What is fockjacking and trustjacking and how to protect yourself

Humble USB charging port can compromise your iPhone.


Connecting an unsecured iPhone or iPad to the new port may result in an unwanted infection. “Juice jacking” and “trustjacking” are two ways to contract digital diseases, but there are ways to protect yourself.

You may not have thought about cybersecurity before when charging your iPhone on the go, but this Lightning cable can transfer data as well as power. Here are possible vulnerabilities and ways to minimize the risks.

What is “juice jacking”?

Smartphones and tablets use the same port for charging and data transfer. “Juice jacking” exploits the possibility that the owner can plug their device into a malicious or compromised charging port, which can then be used to steal data from the device.

Earlier, iOS devices were more vulnerable to hacking, since authorization was not required to connect an iOS device to a PC. However, when iOS 7 was introduced in 2013, that was no longer the case.

How to prevent juice jacking

When you connect your iOS device to a computer, iOS 7 prompts you to “Trust this computer? Your settings and data will be available from this computer when connected via USB or Wi-Fi.” You can then select “Trust” or “Don't trust”.

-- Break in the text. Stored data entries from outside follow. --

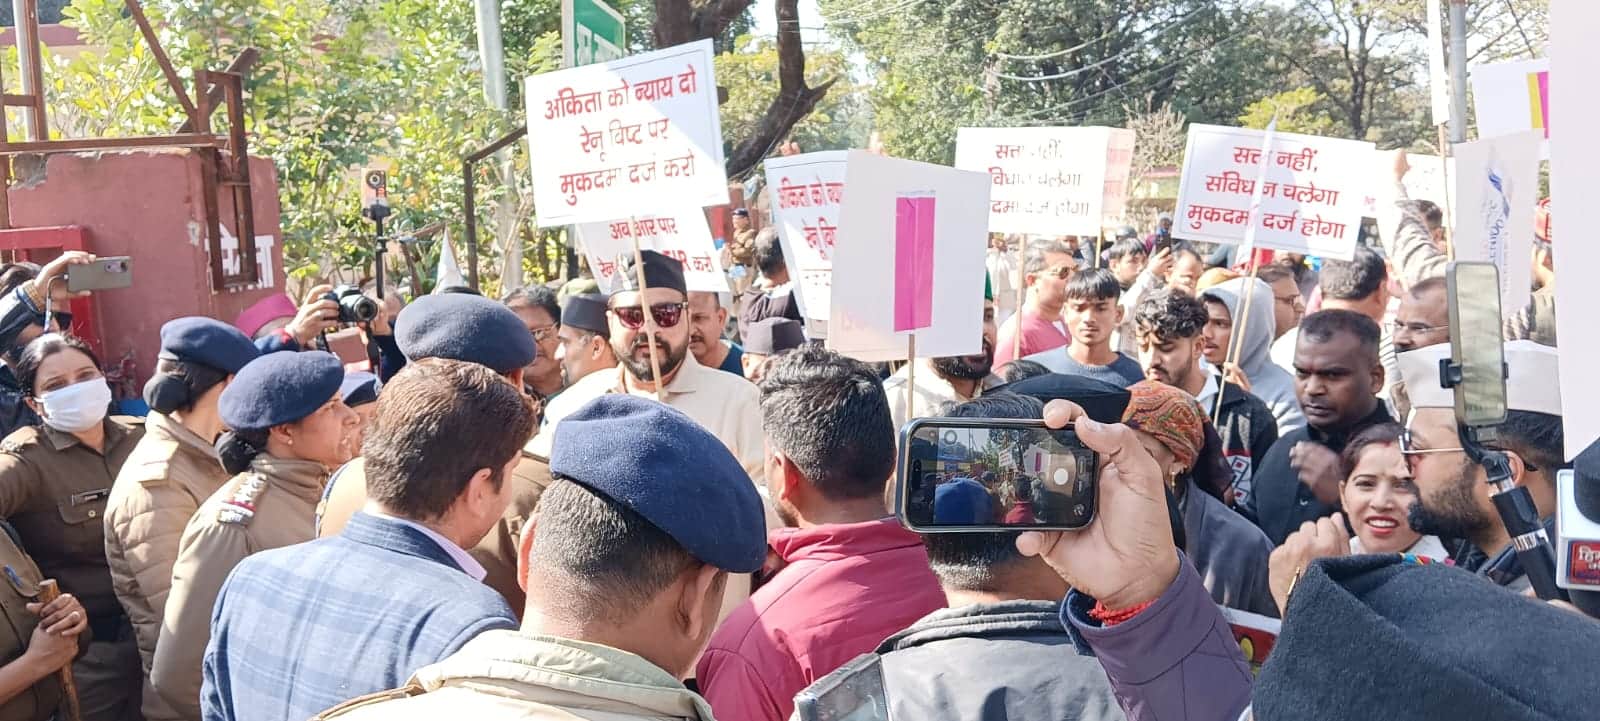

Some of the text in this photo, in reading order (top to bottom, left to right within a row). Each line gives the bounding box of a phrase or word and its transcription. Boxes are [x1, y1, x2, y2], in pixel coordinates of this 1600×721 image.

[607, 78, 629, 108] को
[634, 75, 674, 102] न्याय
[677, 63, 697, 94] दो
[579, 125, 606, 162] रेनू
[648, 118, 670, 140] पर
[663, 149, 696, 178] करो
[1282, 182, 1340, 207] चलेगा
[1262, 210, 1298, 232] दर्ज
[1300, 214, 1346, 240] होगा
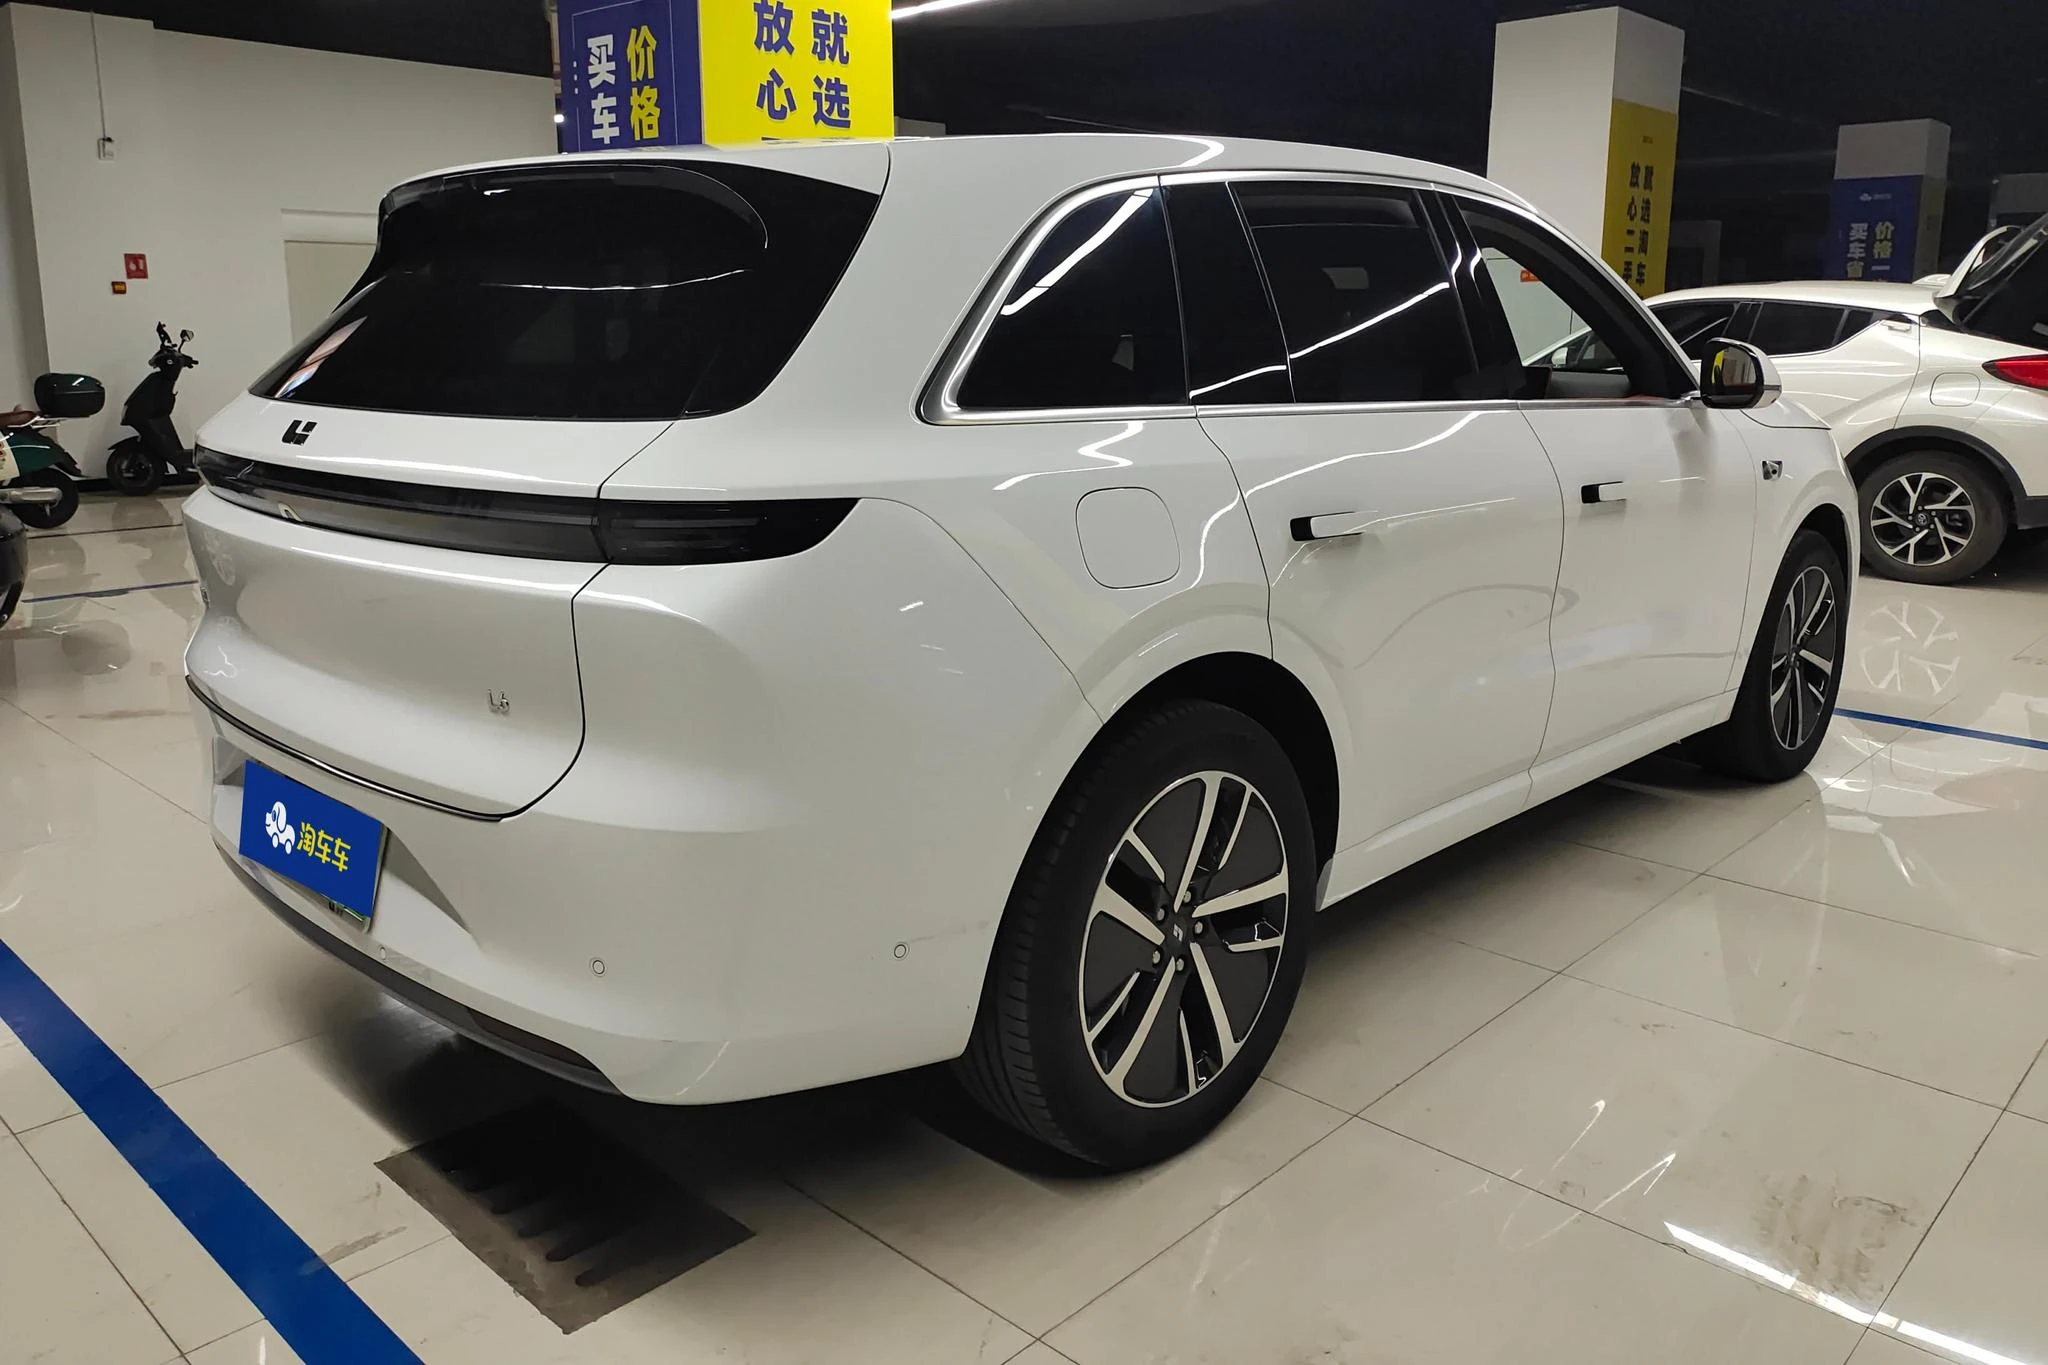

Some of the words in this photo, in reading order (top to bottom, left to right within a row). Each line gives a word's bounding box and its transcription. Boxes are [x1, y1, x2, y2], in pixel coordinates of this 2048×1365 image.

[587, 34, 620, 144] 买车
[626, 25, 661, 141] 价格
[753, 0, 797, 140] 放心
[811, 8, 851, 129] 就选
[1871, 221, 1895, 281] 价格一
[297, 822, 351, 872] 淘车车

The wording was later changed to “Allow this device to access photos and videos? This device will be able to access photos and videos as long as it is connected to your iPhone.” You can then select “Allow” or “Don't Allow”.

Always select “Do Not Allow” unless you are the owner of the computer.

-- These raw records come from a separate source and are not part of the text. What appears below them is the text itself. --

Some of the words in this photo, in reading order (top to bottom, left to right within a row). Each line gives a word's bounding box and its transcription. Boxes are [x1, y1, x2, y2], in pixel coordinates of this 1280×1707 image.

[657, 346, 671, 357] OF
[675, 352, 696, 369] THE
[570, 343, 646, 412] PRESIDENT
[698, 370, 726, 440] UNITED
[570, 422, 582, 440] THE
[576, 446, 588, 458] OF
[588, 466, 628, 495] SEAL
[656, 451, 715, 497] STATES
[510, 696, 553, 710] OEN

If you select Do Not Allow, juice jacking cannot occur. If you see this message when you connect your device to a charge-only port, it is most likely an attacker attempting to transfer data or install malware.

While this — if rejected — effectively prevents juice hacking on iOS devices, a related vulnerability was discovered in 2017 called “trust hijacking”.

What is trustjacking?

Symantec, a cybersecurity software company, discovered a way by which another user can control the owner's iOS device over Wi-Fi, even if it is no longer connected to the malicious socket with a cable.

It works by using the iTunes Wi-Fi Sync feature, which (as the name suggests) allows you to sync your iOS device with the iTunes software on your computer over Wi-Fi when they're not physically connected to each other. .

Selecting Allow when connecting an iOS device with a cable allows the computer to communicate with it using the iTunes API. Although this method still depends on whether the owner trusts the connected computer, it allows an attacker to permanently control the device at a high level after the physical connection is broken.

Trustjacking allows an attacker to backup iTunes and install apps, all without the owner's notification or consent. Extracted backups may include iMessage & SMS chats as well as application data. In addition, applications installed on the device can be secretly replaced with malicious ones that can collect sensitive information and user activity data.

Although the use of iTunes Wi-Fi Sync is limited when the computer and iOS device are connected to the same Wi-Fi network, trustjacking can potentially be combined with a malicious profile attack and the use of a VPN. to maintain constant access. However, the risk of this occurring is low and only applies to devices enrolled in an organization's MDM program.

Apple's response to trustjacking

To mitigate the problem of unauthorized access, Apple introduced an additional step with the release of iOS 11 in 2017. This added a requirement to enter a device password when Allow is selected to ensure that only the owner of the iOS device can authorize the data connection.

However, if authorized, this still does not stop iOS device management by iTunes Wi-Fi sync after unplugging the cable, and does not warn the user of this possibility, so the vulnerability was only partially addressed.

How to reduce the risk of trustjacking

As far as we can tell, trust breaches continue to be a risk for all iOS and iPadOS devices. Fortunately, there are several ways to minimize this risk as a device owner.

Firstly, if you suspect that an unwanted computer has access to your device, you can revoke access to all trusted computers. After that, you will need to re-authorize all computers to which you want to connect your device.

  1. Go to Settings
  2. Click Transfer or reset iPhone/iPad
  3. Click Reset
  4. Select Reset location and amp; Privacy
  5. Then enter your device password to confirm.

You can also encrypt your iTunes backups to prevent potential attackers from reading the information. To do this, connect your device to a computer you trust.

How to encrypt local backing up your iPhone

  1. For Mac computers, open Finder, and for Windows PCs, open iTunes.
  2. > On the General or Summary tab, navigate to the Backups section.
  3. Check Encrypt local backup.

Finally, remember that a data connection is not required if you just want to charge your iPhone or iPad, so always select Don't allow if you don't send data. And if you're not the owner of the computer you're using, it's probably best to revoke access after you're done.